There is much of value in the Church Fathers' exegeses, I don't mean to discount them by any means. But their readings are often very dry and often come across as scholarly intellectual exercises, and miss out on the passion conveyed in the poem. Also by reading things too allegorically, they miss the forest for the trees. Every little symbol is parsed out for meaning, but the poem must also be read as an organic whole.  Some of the various interpretations, which all had some merit, but failed to capture the essence of the poem included interpreting the Lover and the Beloved as:

  1. Christ and the Church
  2. Christ and Mary
  3. Christ and the soul
  4. God and Israel
  5. divine Wisdom and the man who seeks it
  6. mystical marriage of God and the soul

Interestingly, God is never mentioned in the Song of Songs, but the poem is clearly Jewish as the Beloved's name is roughly translated as "Jerusalamite" and she speaks often to the "daughters of Jerusalem." Also much of the imagery and language has strong Jewish roots or references. But sometimes the question has been asked, is this poem about God at all, or are we injecting religious meaning simply because somehow this book wound up in the religious canon? 

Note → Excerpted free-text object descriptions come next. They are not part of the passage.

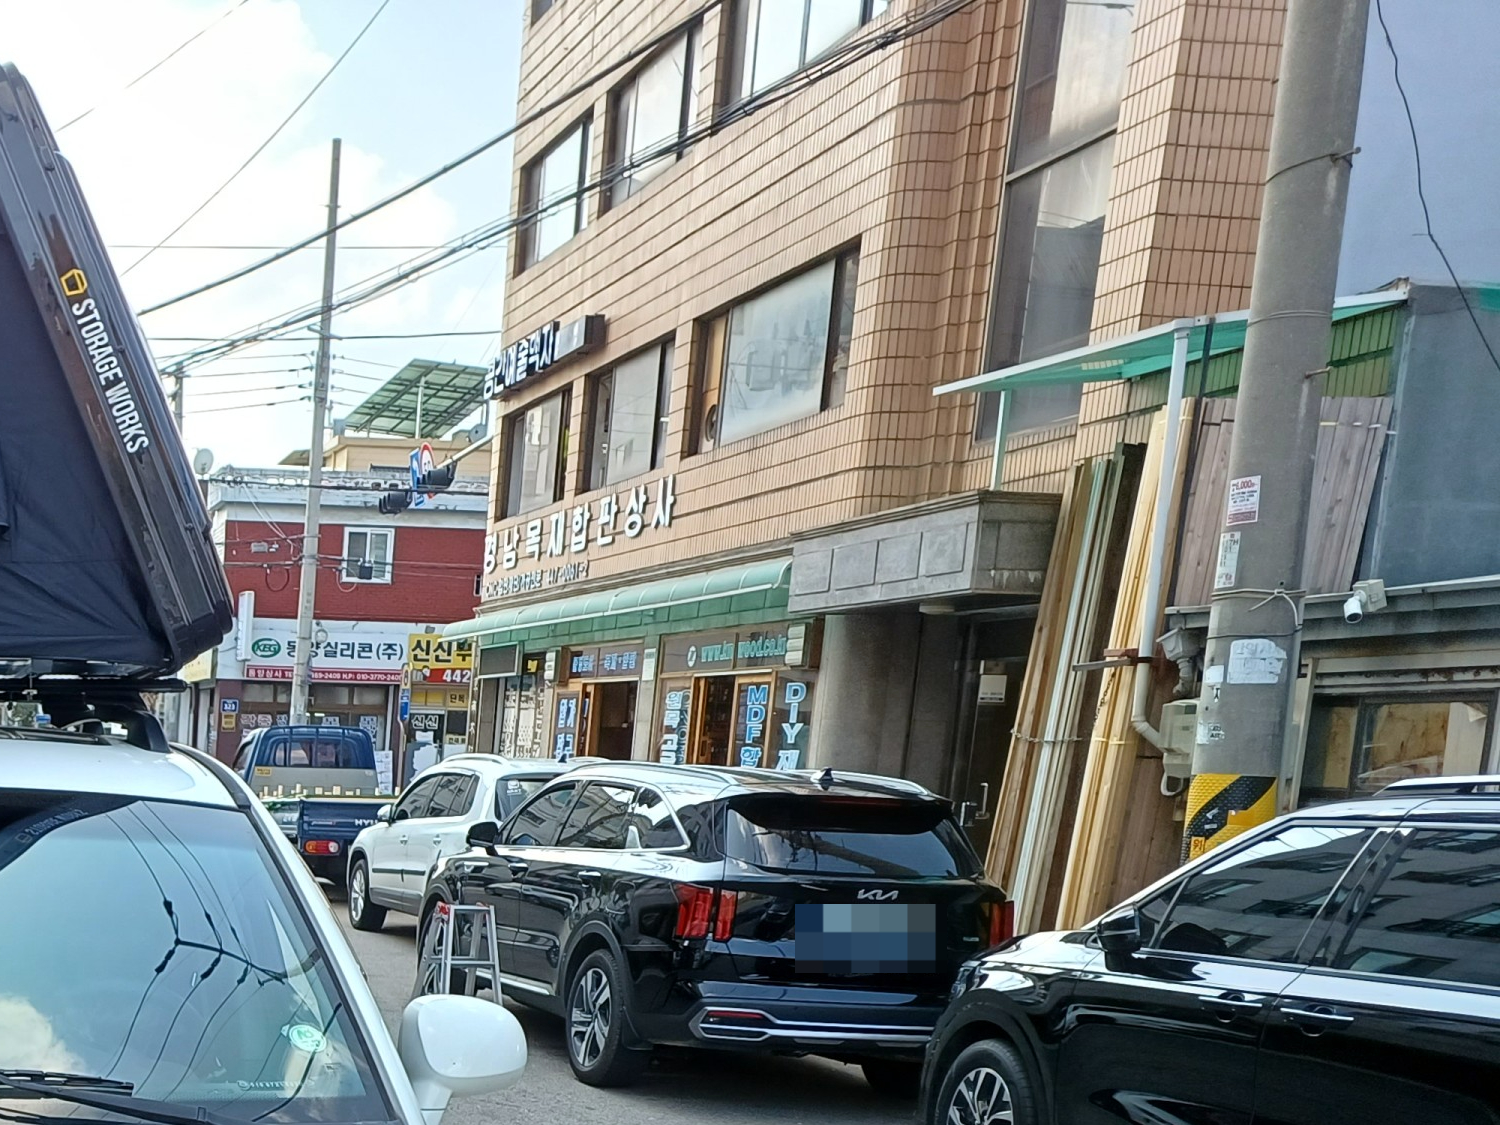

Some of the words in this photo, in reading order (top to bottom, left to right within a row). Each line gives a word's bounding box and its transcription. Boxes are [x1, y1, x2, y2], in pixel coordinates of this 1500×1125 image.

[71, 298, 124, 386] STORAGE
[104, 381, 149, 453] WORKS
[484, 474, 676, 575] 경남목재합판상사
[410, 714, 439, 730] 신신
[745, 685, 769, 744] MDF
[781, 682, 807, 744] DIY
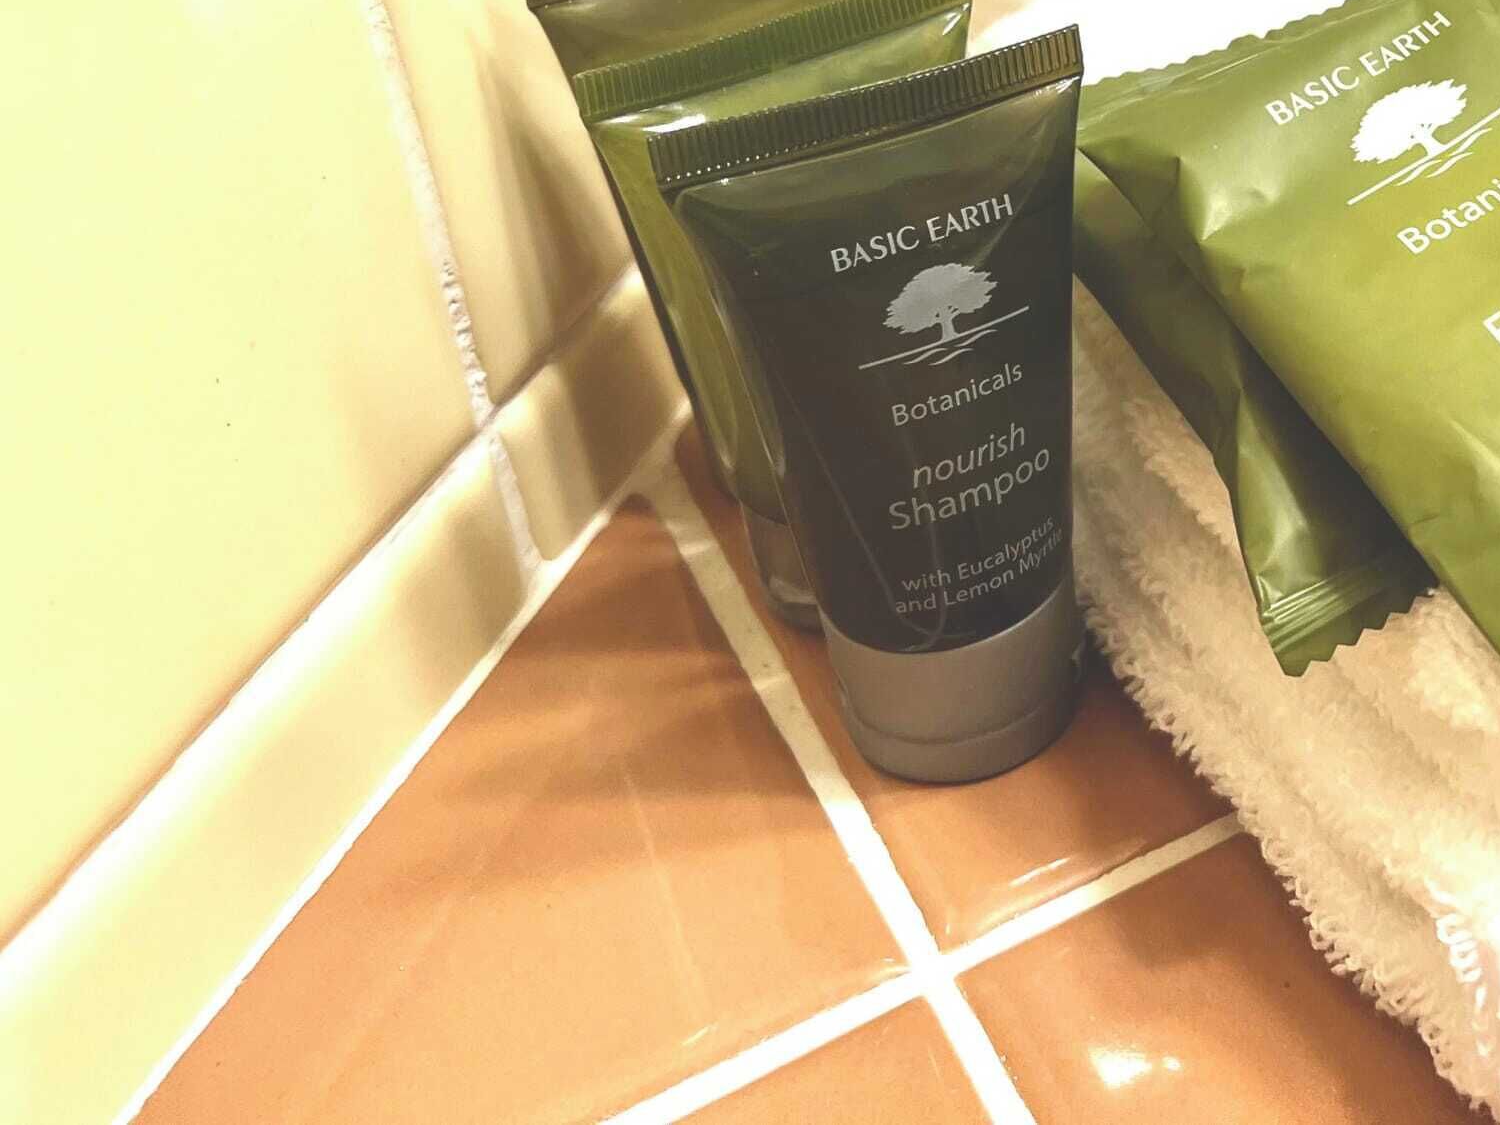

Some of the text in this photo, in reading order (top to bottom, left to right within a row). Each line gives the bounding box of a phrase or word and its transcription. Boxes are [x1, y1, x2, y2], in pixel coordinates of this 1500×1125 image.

[1264, 10, 1452, 126] BASIC EARTH
[830, 193, 1014, 273] BASIC EARTH
[891, 362, 1024, 427] Botanicals
[888, 448, 1050, 530] Shampoo
[913, 422, 1026, 489] nourish
[895, 528, 1064, 613] and Lemon Myrtle
[902, 516, 1055, 592] with Eucalyptus

After much research I had to keep returning to Bloch and Bloch's assertion that we should take the text for what it is at face value: a beautiful love poem. All other meanings are secondary. It is no crime to use a beautiful work such as this to help illustrate theological points, such as St. Louis de Montfort does in putting lines from this poem in the voice of Mary. But to read the poem as simply a prophetic work about Mary, does not make sense.

Point 3: Song of Songs in Theology of the Body


Well, JPII did it again. The man who seems to have the final say on everything, apparently discussed his interpretation on the Song of Songs in his Wednesday audiences in May of 1984. Of course I only discovered this last night in flipping through my copy of Theology of the Body. I have read Part I of TOB several times, but I have not read through the whole book. If I had I might have recalled that about 8 pages are spent discussing the pope's interpretation of this work. 

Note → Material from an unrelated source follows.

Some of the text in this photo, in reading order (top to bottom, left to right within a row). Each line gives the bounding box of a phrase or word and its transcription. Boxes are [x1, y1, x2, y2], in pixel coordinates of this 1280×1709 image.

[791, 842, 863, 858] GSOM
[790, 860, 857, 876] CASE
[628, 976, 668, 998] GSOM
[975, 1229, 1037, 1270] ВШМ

JPII says the Song speaks of "the language of the body, a singular language of love originating in the heart." He maintains that "It is not possible to reread it except along the lines of what is written in the first chapters of Genesis, as a testimony of the beginning - that beginning which Christ referred to in his decisive conversation with the Pharisees (Mt 19:4). The Song of Songs is certainly found in the wake of that sacrament in which, through the language of the body, the visible sign of man and woman's participation in the covenant of grace and love offered by God to man is constituted." 

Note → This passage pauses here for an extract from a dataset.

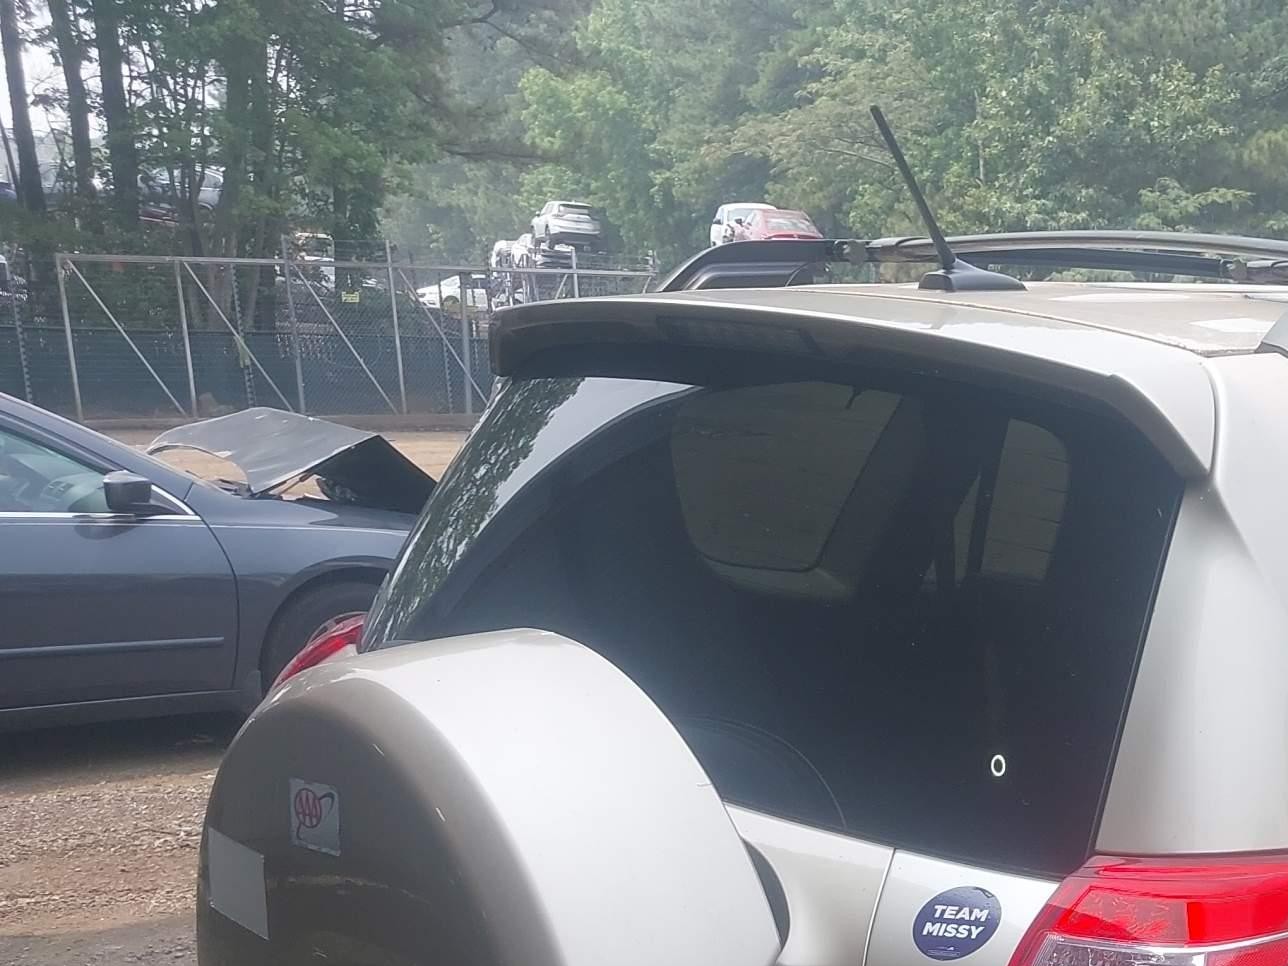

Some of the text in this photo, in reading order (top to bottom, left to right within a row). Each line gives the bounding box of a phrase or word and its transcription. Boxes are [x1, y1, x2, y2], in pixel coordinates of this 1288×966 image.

[296, 791, 321, 823] AAA
[933, 904, 989, 922] TEAM
[922, 921, 985, 940] MISSY

I won't spoil it for you by attempting to convey the full 8 page discussion, but it is well worth a read. Also, there are two pages of foot-notes, which to me are just as interesting, and deal with reconciling (or even discarding!) previous Christian interpretations of this text. As one footnote says, "the Song therefore is to be taken simply for what it manifestly is: a song of human love." (J. Winandy, OSB) Also it footnotes note that "the content of the Song of Songs is at the same time sensual and sacred. When one prescinds from the second characteristics, the Song of Songs comes to be treated as a purely lay erotic composition, and when the first is ignored, one falls into allegorism. Only by putting these two aspects together is it possible to read the book in the right way." 

Who knew that the synthesis to so much of my independent research on the Song of Songs has been sitting on my shelf all these months in my copy of Theology of the Body

So in the end, I have nothing really original to say on the Song of Songs, that has not been already stated much more eloquently by far more authoritative sources than myself. But I enjoy dabbling in exegesis and scriptural studies and hope that this post may help direct some other lay person who has an interest in researching the Song so that they don't start completely from scratch as I did.